In Female Choices, her survey of female primate sexuality, primatologist Meredith Small writes of the confusion that resulted when the term consortship drifted away from its original meaning—a striking parallel to the confusion over marriage. Small explains, “The word ‘consortship’ was used initially to define the close male-female sexual bond seen in savannah baboons and then usage of the word spread to the relationship of other mating pairs.” This semantic leap, says Small, was a mistake. “Researchers began to think that all primates form consortships, and they applied the word to any short or long, exclusive or nonexclusive mating.” This is a problem because “what was originally intended to describe a specific male-female association that lasted during the days surrounding ovulation became an all-inclusive word for mating.. Once a female is described as ‘being in consort,’ no one sees the importance of her regular copulations with other males.”5

Biologist Joan Roughgarden has noted the same problematic application of present-day human mating ideals to animals. She writes, “Sexual selection’s primary literature describes extrapair parentage as ‘cheating’ on the pair bond; the male is said to be ‘cuckolded’; offspring of extrapair parentage are said to be ‘illegitimate’; and females who do not participate in extrapair copulations are said to be ‘faithful.’ This judgmental terminology,” concludes Roughgarden, “amounts to applying a contemporary definition of Western marriage to animals.”6

Indeed, when familiar labels are applied, supporting evidence becomes far more visible than counter-evidence in a psychological process known as confirmation bias. Once we have a mental model, we’re much more likely to notice and recall evidence supporting our model than evidence against it. Contemporary medical researchers attempt to neutralize this effect by using double-blind methodology in all serious research—where neither the researcher nor the subject knows which pills contain the real medicine.
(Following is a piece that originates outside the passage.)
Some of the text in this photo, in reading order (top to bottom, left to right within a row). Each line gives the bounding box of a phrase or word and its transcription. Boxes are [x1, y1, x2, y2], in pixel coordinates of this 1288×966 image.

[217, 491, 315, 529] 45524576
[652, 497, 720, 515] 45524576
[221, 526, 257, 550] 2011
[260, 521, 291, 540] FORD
Without a clear definition of what they’re looking for, many anthropologists have found marriage wherever they’ve looked. George Murdock, a central figure in American anthropology, asserted in his classic cross-cultural anthropological survey that the nuclear family is a “universal human social grouping.” He went on to declare that marriage is found in every human society.

But as we’ve seen, researchers trying to describe human nature are highly susceptible to Flintstonization: unconsciously tending to “discover” features that look familiar, and thereby universalizing contemporary social configurations while inadvertently blocking insight into the truth. Journalist Louis Menand noted this tendency in a piece in The New Yorker, writing, “The sciences of human nature tend to validate the practices and preferences of whatever regime happens to be sponsoring them. In totalitarian regimes, dissidence is treated as a mental illness. In apartheid regimes, interracial contact is treated as unnatural. In free-market regimes, self-interest is treated as hardwired.” Paradoxically, in each of these cases, so-called natural behavior has to be encouraged and unnatural aberrations punished.
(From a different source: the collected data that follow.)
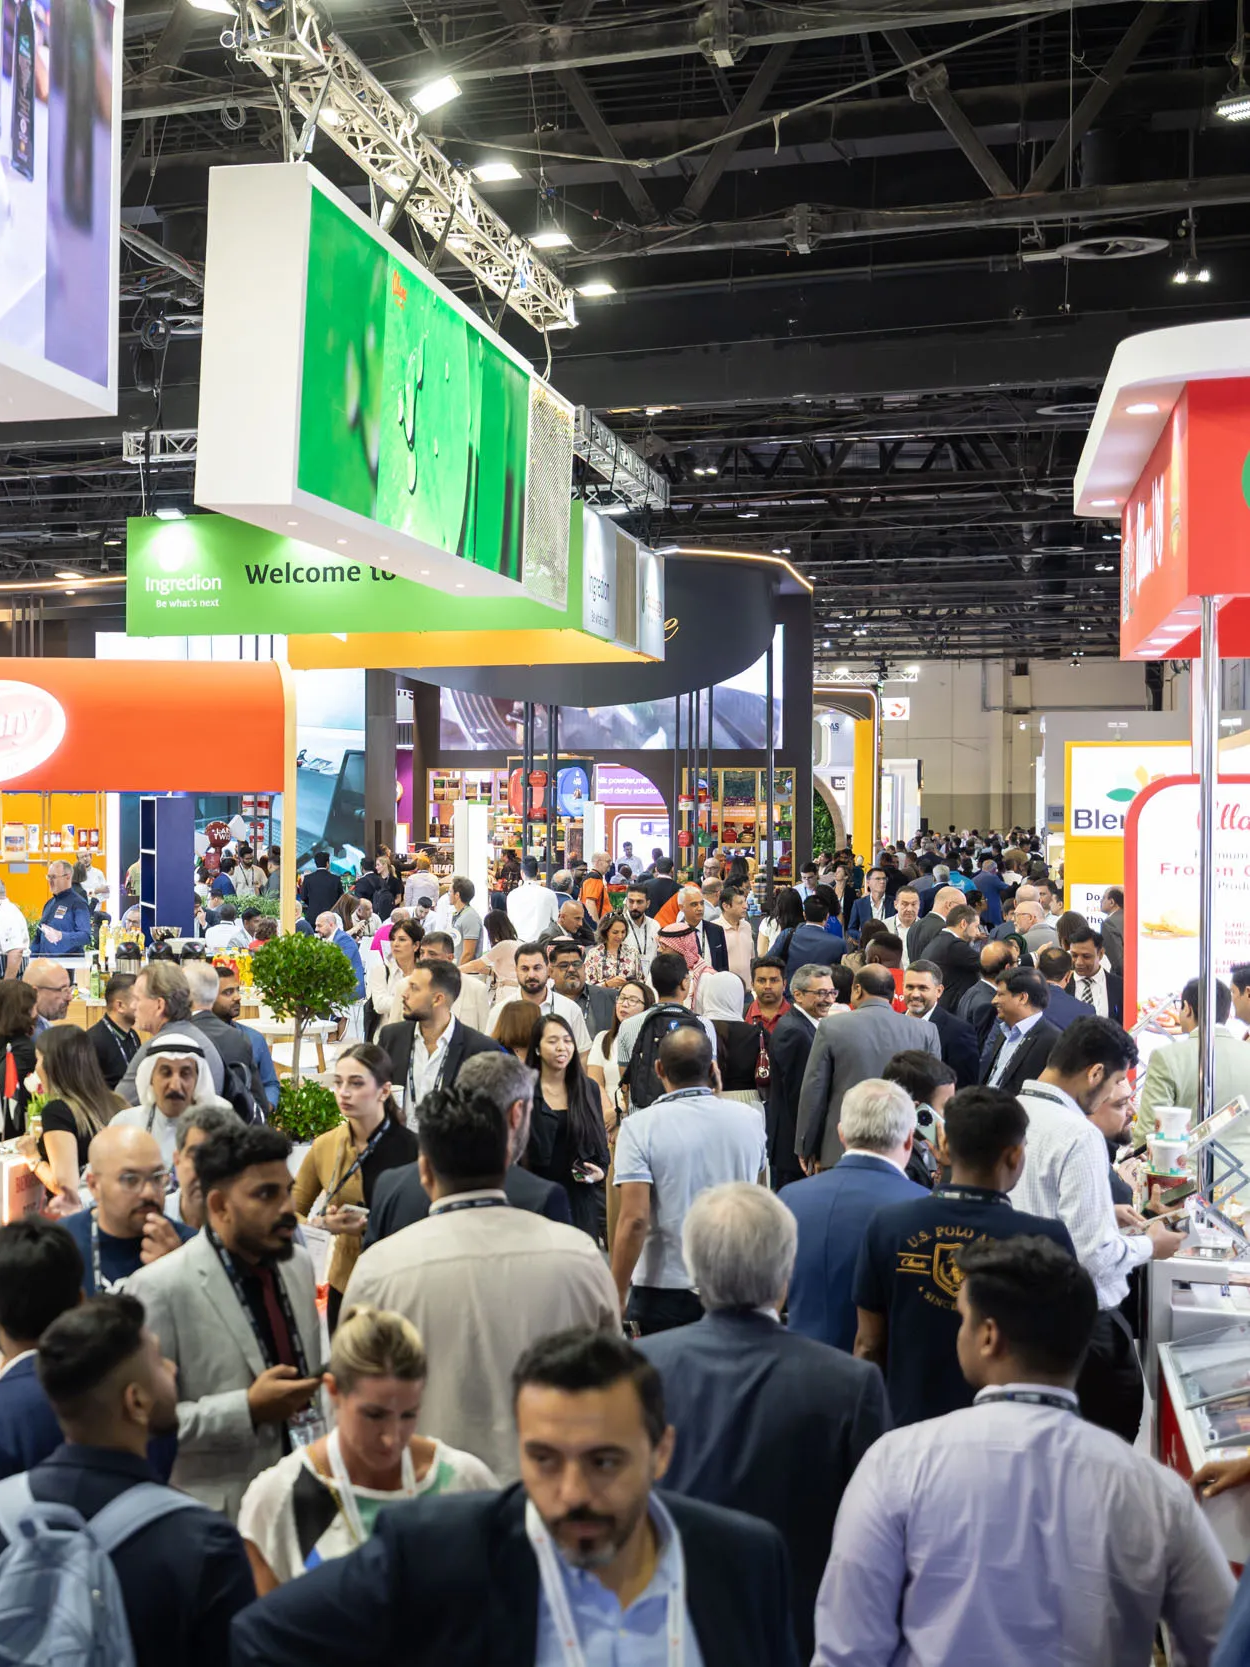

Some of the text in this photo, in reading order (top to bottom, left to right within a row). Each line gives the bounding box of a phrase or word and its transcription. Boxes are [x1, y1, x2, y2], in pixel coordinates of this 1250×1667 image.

[245, 562, 397, 585] Welcome to
[145, 574, 222, 595] Ingredion
[156, 598, 219, 608] Be what's next
[1160, 862, 1233, 876] Fron
[935, 1226, 974, 1238] POLO
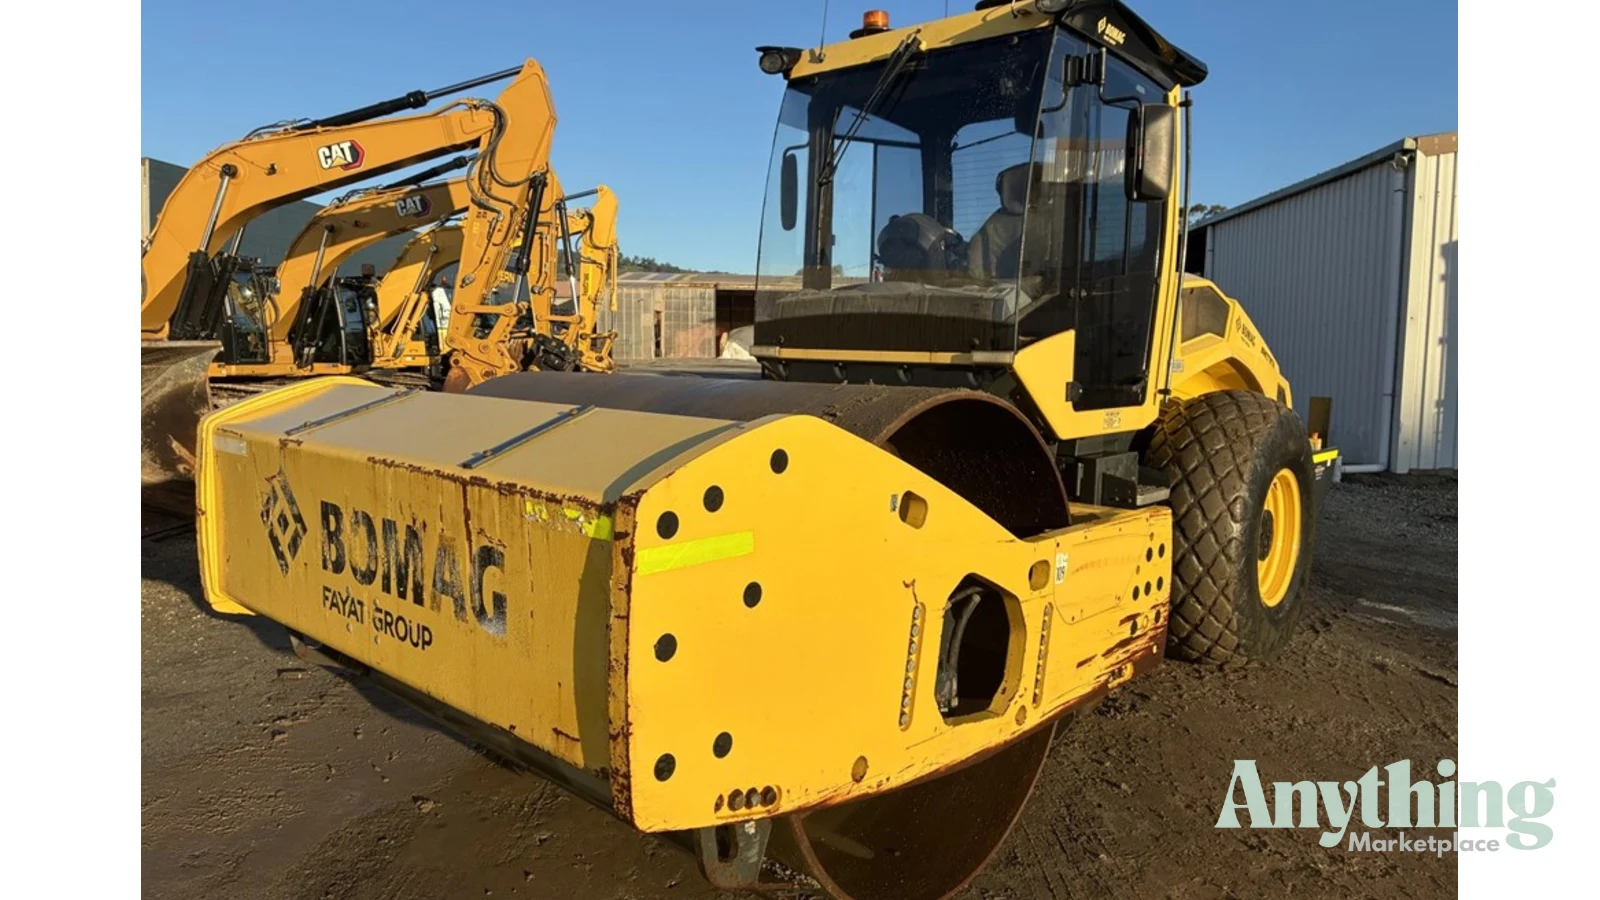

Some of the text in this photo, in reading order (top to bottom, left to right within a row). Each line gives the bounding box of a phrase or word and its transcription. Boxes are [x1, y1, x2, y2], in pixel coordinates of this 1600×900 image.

[318, 141, 353, 169] CAT
[396, 196, 423, 217] CAT
[320, 500, 507, 638] BOMAG
[322, 585, 433, 650] FAYAT GROUP
The now-forgotten diseases drapetomania and dysaethesia aethiopica illustrate this point. Both were described in 1851 by Dr. Samuel Cartwright, a leading authority on the medical care of “Negroes” in Louisiana and a leading thinker in the pro-slavery movement. In his article “Diseases and Peculiarities of the Negro Race,” Dr. Cartwright explained that drapetomania was the disease “causing Negroes to run away . the absconding from service” to their white owners, while dysaethesia aethiopica was characterized by “hebetude of and obtuse sensibility of the body.” He noted that slave overseers often referred to this disease, more simply, as “rascality.”8

Despite high-minded claims to the contrary—often couched in language chosen to intimidate would-be dissenters (dysaethesia aethiopica!)—science all too often grovels at the feet of the dominant cultural paradigm.

Another weakness of many of these studies is known as the “translation paradox:” the assumption that a word (marriage, for instance) translated from one language to another has an identical meaning.